Company officials said Monday evening in a news release that FairPoint continued to lose telephone customers, who comprise the vast majority of its business, in the second quarter. Revenue from voice services declined by $6.8 million compared with a year earlier, they said.

However, revenue from its data and Internet services increased by $4 million.

The company’s total revenue of $225.6 million was down $5.7 million, about 3.8 percent, compared with the second quarter of 2013. Fairpoint experienced a net loss of $22.7 million, or 86 cents per share, compared with a $43.1 million net loss a year earlier.

The earnings report comes amid stalled contract negotiations with the telecommunications company’s workers. Two of the company’s collective bargaining agreements, which cover the majority of employees in northern New England, expired Aug. 2.

So far, its workers have remained on the job under an expired contract after negotiations broke down over the weekend.

Mike Spillane from Local 2326 of the International Brotherhood of Electrical Workers in Vermont told The Associated Press on Saturday that talks will resume in the coming days, although no specific date has been set. On Sunday, a FairPoint spokeswoman said the two sides remain far apart, and that the company is considering its options.

Union workers are dissatisfied with proposed changes to health and retirement benefits, as well as changes aimed at allowing greater use of nonunion workers.

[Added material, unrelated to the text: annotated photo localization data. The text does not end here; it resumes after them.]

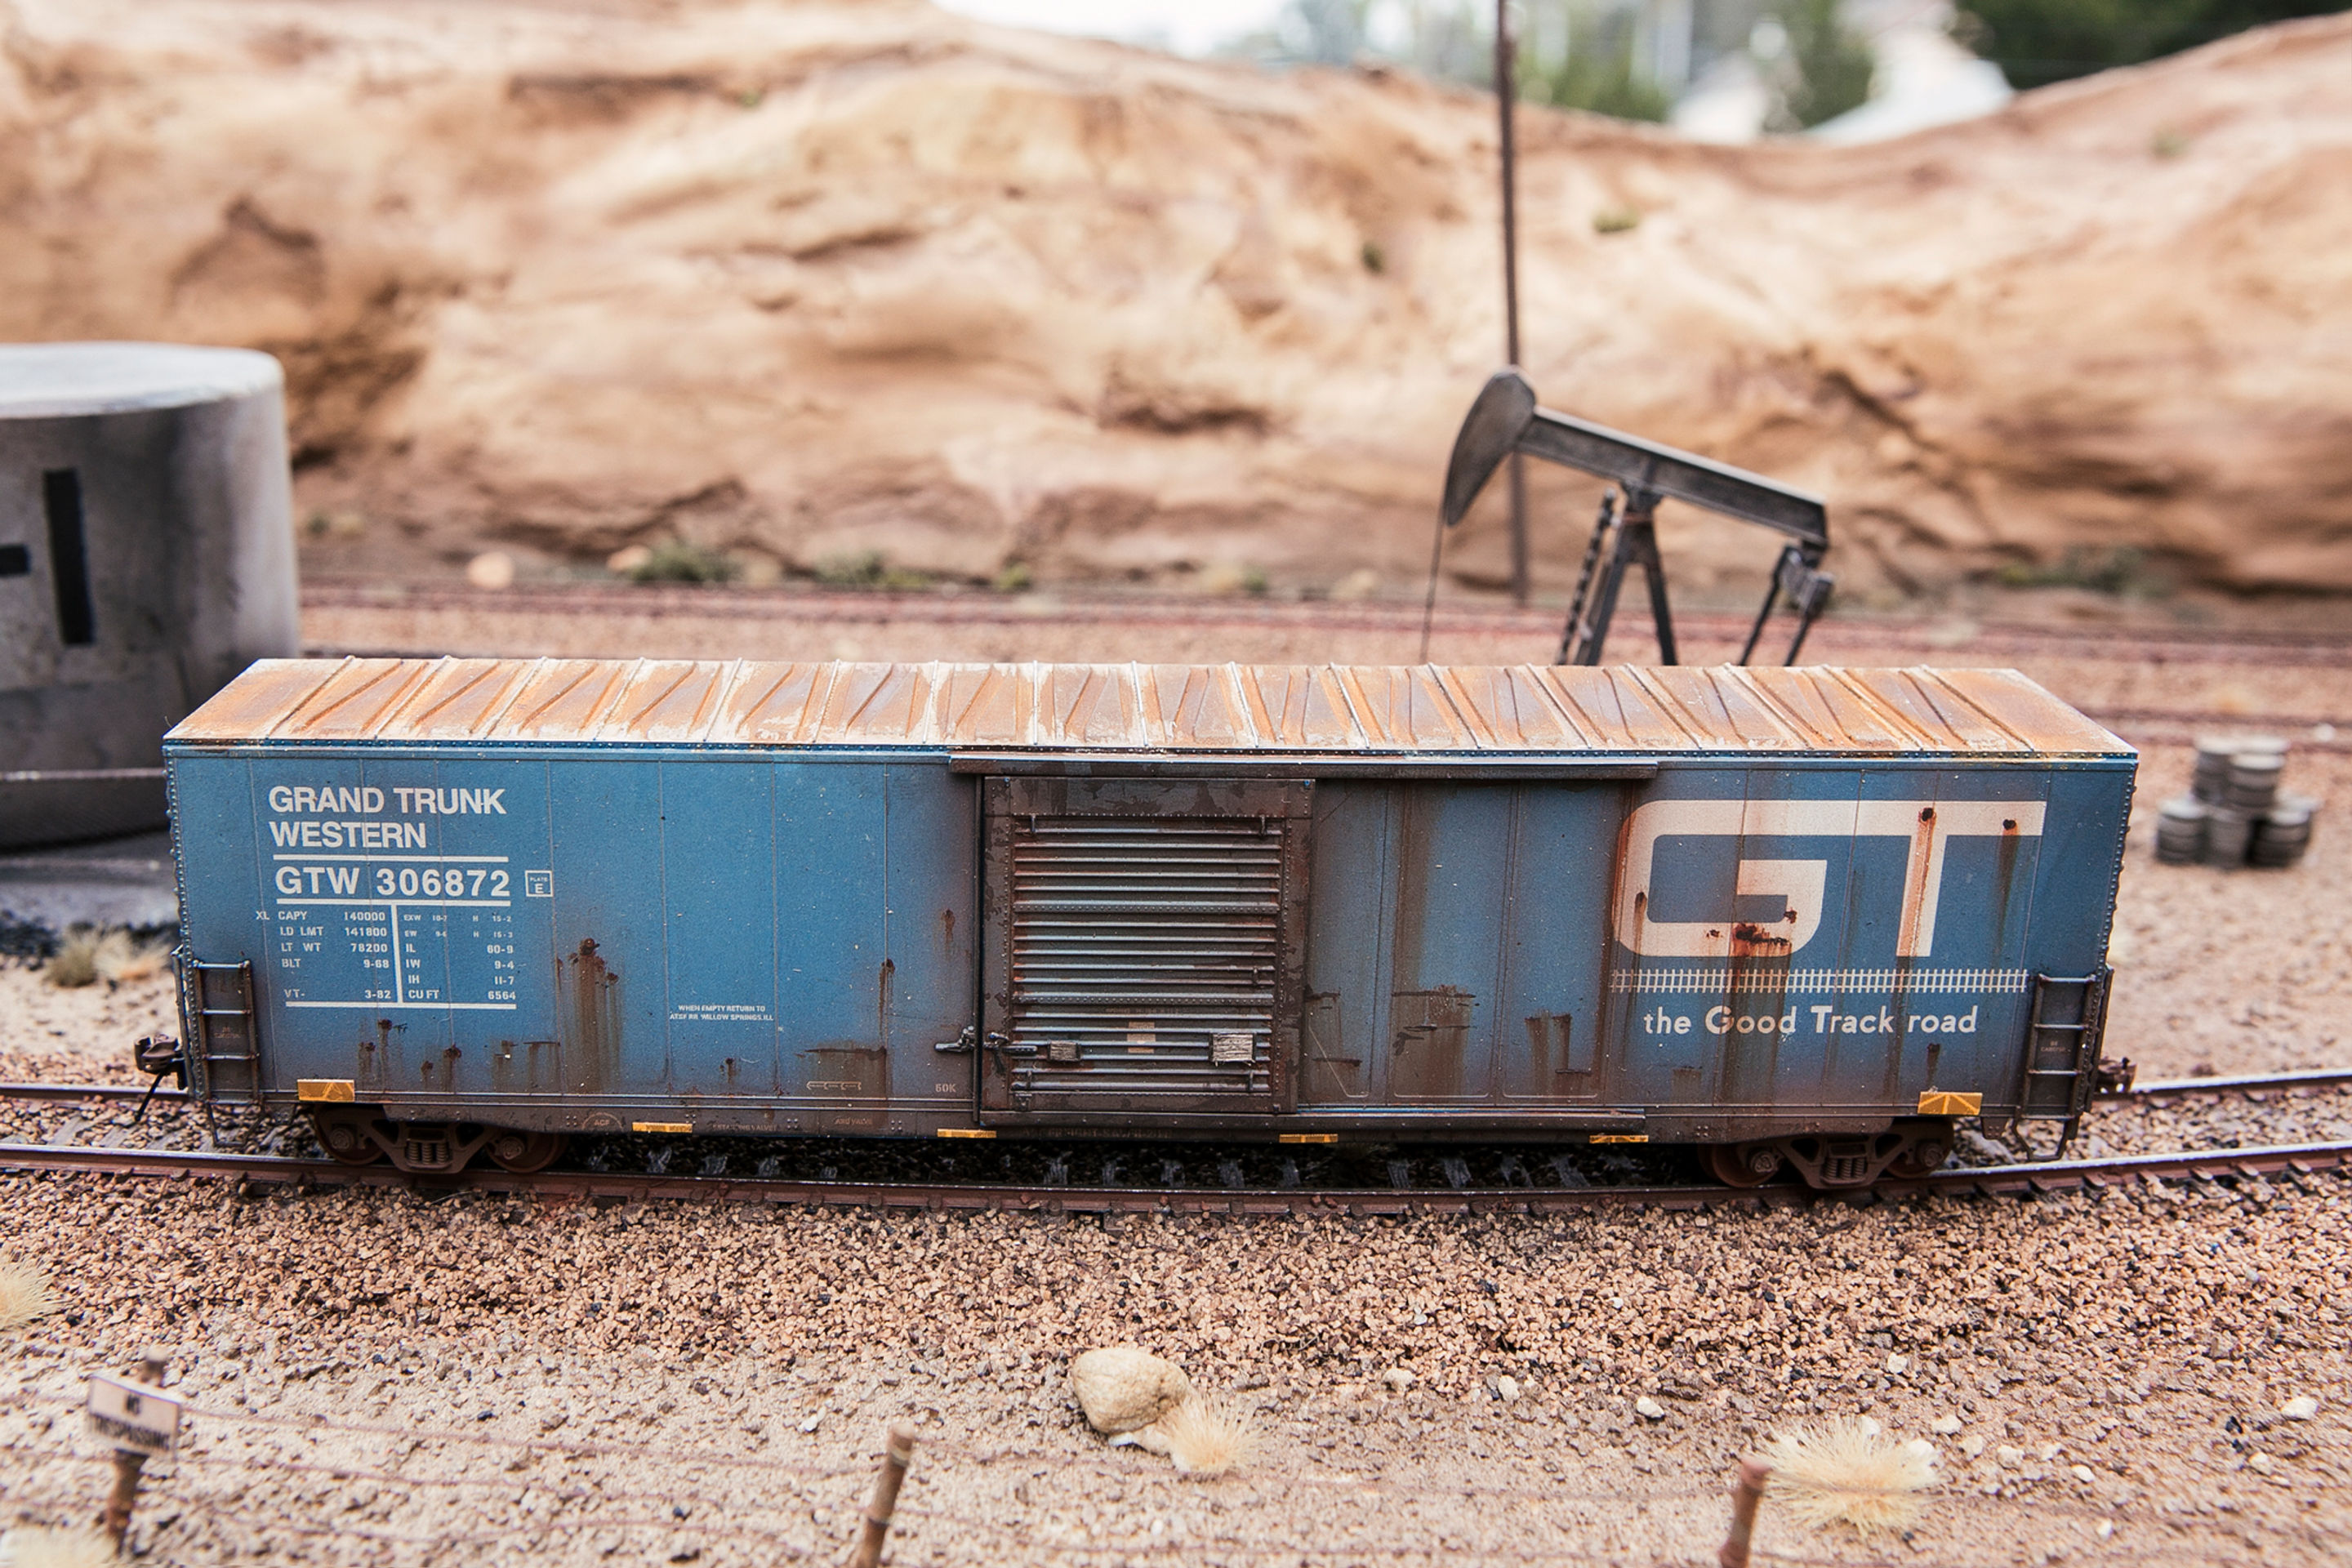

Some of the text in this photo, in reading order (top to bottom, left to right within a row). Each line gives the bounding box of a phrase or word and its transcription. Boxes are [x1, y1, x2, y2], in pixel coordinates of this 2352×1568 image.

[268, 786, 507, 815] GRAND TRUNK
[269, 822, 426, 849] WESTERN
[275, 866, 510, 898] GTW 306872
[1611, 800, 2047, 959] GT
[535, 883, 545, 894] E
[256, 911, 385, 921] XL CAPY 140000
[279, 926, 387, 937] LD LMT 141800
[281, 942, 388, 952] LT WT 78200
[405, 943, 514, 954] IL 60-9
[282, 958, 390, 969] BLT 9-68
[406, 959, 514, 970] IW 9-4
[408, 974, 420, 984] IH
[364, 990, 392, 1000] 3-82
[408, 989, 516, 1000] CU FT 6564
[1643, 1005, 1979, 1036] the Good Track road

The company, which bought Verizon’s landline telephone operations for $2.4 billion in 2007, has argued that its employee benefits are better than the industry standard.

In a news release Monday, FairPoint said customers would not lose service even if union employees go on strike.

“Should a work stoppage occur, the company has contingency plans in place to ensure services to our customers,” it said. “We cannot predict the outcome of these negotiations at this time.”

Based in North Carolina, FairPoint has struggled to become profitable since emerging from bankruptcy in 2011. If the company’s workers decide to walk off the job, things could get considerably worse, the company said.

“Employees could engage in strikes or other concerted activities, which could materially adversely impact our business, financial condition, results of operations, liquidity and/or the market price of our outstanding securities,” the release said.

FairPoint released its earnings report after markets closed Monday. Its stock price fell $1.74 per share, or 10.7 percent, in trading Tuesday to close at $14.51.

FairPoint trades on the Nasdaq exchange under the symbol FRP.

The company has about 3,160 employees in 17 states, including 700 in Maine.